Needless to say, cinema and design have always gone together. Design is inherently part of what is known as mise-en-scène in film theory, which literally translates to “placing on stage” and includes the arrangement of everything within the cinematic frame – scene-landscapes, interiors, objects and costumes. Ideating mise or placement in a scene means that what is put in a scene has to be carefully thought through to convey a very specific feel to the scene and therefore has to be carefully planned out, that is, designed towards an effect. Designing scenes for visual impact has always been a central concern in Bollywood films. However, most writing about design has happened very late, after the inception of globalization, when in films such as Dilwale Dulhania Le Jayenge and Kuch Kuch Hota Hai, top Indian fashion designers stepped in and gave Bombay cinema a facelift into the global currency of branded clothing. Which is to say, it was only when Bombay cinema ‘caught up’ with design in the modernist sense that the history of design up until that moment was retroactively initiated.
Hip gear, boots, fashion label handbag, cap and banjo – obvious western cues in Dilwale Duniya Le Jayenge speak to a brand conscious Indian society
It was in this period that set and publicity design as well as costume design came to be written about through research and with academic rigour. In Bombay Cinema, Ranjani Mazumdar explores cinema as a reflection of the city and society. Taking on the designed interiors of Bollywood, she points out how cavernous panoramic interiors of the plush A-list films from the latter half of the 1990s are taken straight out of the pages of interior design glossies to denote conspicuous wealthy lifestyles of the Indian rich and the advent of globalization. Rachel Dwyer, Professor of Indian studies at the University of London, points out from an earlier period how critical Yash Chopra’s Waqt of 1965 was to changing the idioms of class and wealth now synonymous with Bombay cinema, conveying through a new regime of visual markers of the high life. Mazumdar has gone on to argue for the central role colour in Bombay cinema played with its arrival in the 1960s: it started a glamorous design regime to live up to the optical magic of color film technology.

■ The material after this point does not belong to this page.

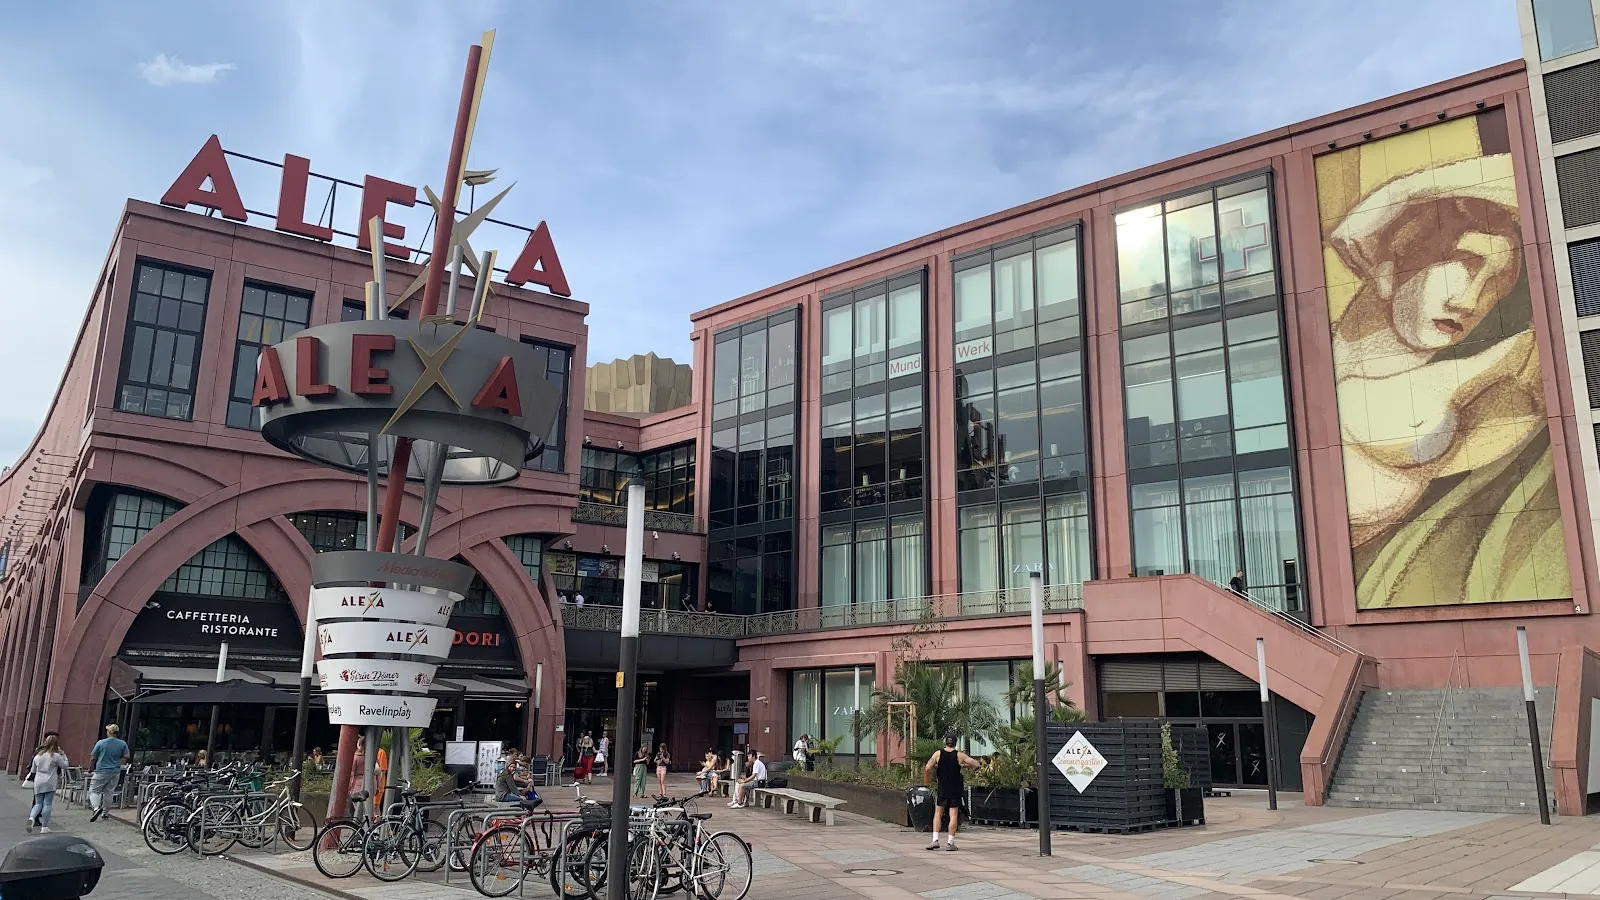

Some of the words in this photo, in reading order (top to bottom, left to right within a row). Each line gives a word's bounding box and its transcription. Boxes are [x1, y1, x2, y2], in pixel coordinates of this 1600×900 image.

While all of the above appear to indicate that a design history for Bombay cinema is progressing, a strange contradiction emerges in the actual practice of design itself in contemporary Bollywood. Precisely around the time the idea of ‘design’ is set as a marker of global professionalism in Bombay cinema, at that very moment we see this cinema playing out, grosso modo in designer fantasies of the cosmopolitan kind in exotic overseas locales. Modern design as we understand, denotes a certain minimal ecological consciousness and also a flamboyance of individual choice in lifestyle matters. Neither is possible within the chaotic realities and the conservative cultural ethos of India. Bollywood caters to the needs of the latter, a populous conservative India, with visions of an ornamental traditional India flowing between song and dance item numbers. Take for example, Anurag Kashyap’s five-hour long Gangs of Wasseypur, a story of crime and revenge spanning three generations. Although inspired by Coppola’s Godfather trilogy, it is set in north India’s dusty desi cow-belt and all its meticulous design is dedicated to the ornamental folk sensibilities of that region. This raises certain key questions about the history of modern design in Bombay cinema. Was the modernist design in a film such as Waqt in its ability to reel in the feudal capable of mixing the modern and the Indian better than the cinema of today? More pertinently: what of the exotic internationalism of design of 1970s Bombay cinema that also denoted a more hedonistic and permissive public sexual regime? What was this ‘Design India’, that, until the 1970s was able to accommodate the modern minimal and the sensorially free within its territorial limits? And what is this India today, no longer able to sustain the modern within itself, at least as far as the public domain of cinema is concerned? Contemporary design in Bombay cinema, it seems, is centrally located within a very difficult politico-cultural logic of our times marked by an inability to connect the lives of the cutting-edge modern with the everyday local realities of India.
Waqt (1965) Elaborate scenic design and classy fashion statements in Waqt (1965) by B.R.Chopra presented a high class lifestyle
The problems might be posed as one of ‘technique’-an intractable misfit of ethos, of class/demographic snobbery, of guilt or of outright prohibition by a conservative cultural order. If Bollywood films are a measure of the subconscious aesthetic/design drives of the public then its production regime reveals a clear split. On the one hand we see a world of cosmopolitan design ambitions that can only be worked out to their maximum efficacy outside India, and on the other, a world, inside India, which is served up as some kind of internal ostentatious Orientalism. Does this reflect a split between two Design Indias-one that lives between India and the First World simultaneously and another that is grounded within the territory of the nation?
We might imagine a sort of untouchability between the global modern and India ‘in general’ within the ‘public’ gaze of cinema which has increasingly come to be monitored anxiously for all signs of the ‘un-Indian’. Giving an A certificate to films where couples kiss frequently is also certifying a certain design idea framing the lifestyles of people who are willing to indulge in intimate physical exchanges open to a public gaze, an idea deeply offensive to ‘traditional’ India. And a casual look at such films in recent times will show that more often than not they are set in locales outside India. In some ways, the certificate is not so much about morality but about keeping the two contradictory regimes of design operational in Bollywood today, apart. It is as if the A certificate would indicate to the public that the film is ‘Un-Indian’ in its designs and therefore to be avoided by Indians. It would be interesting for the more ‘private’ and customized domain of design practices in India to engage with the implications of this outsourcing of the ‘modern’ out of the Indian public sphere effected by Bollywood.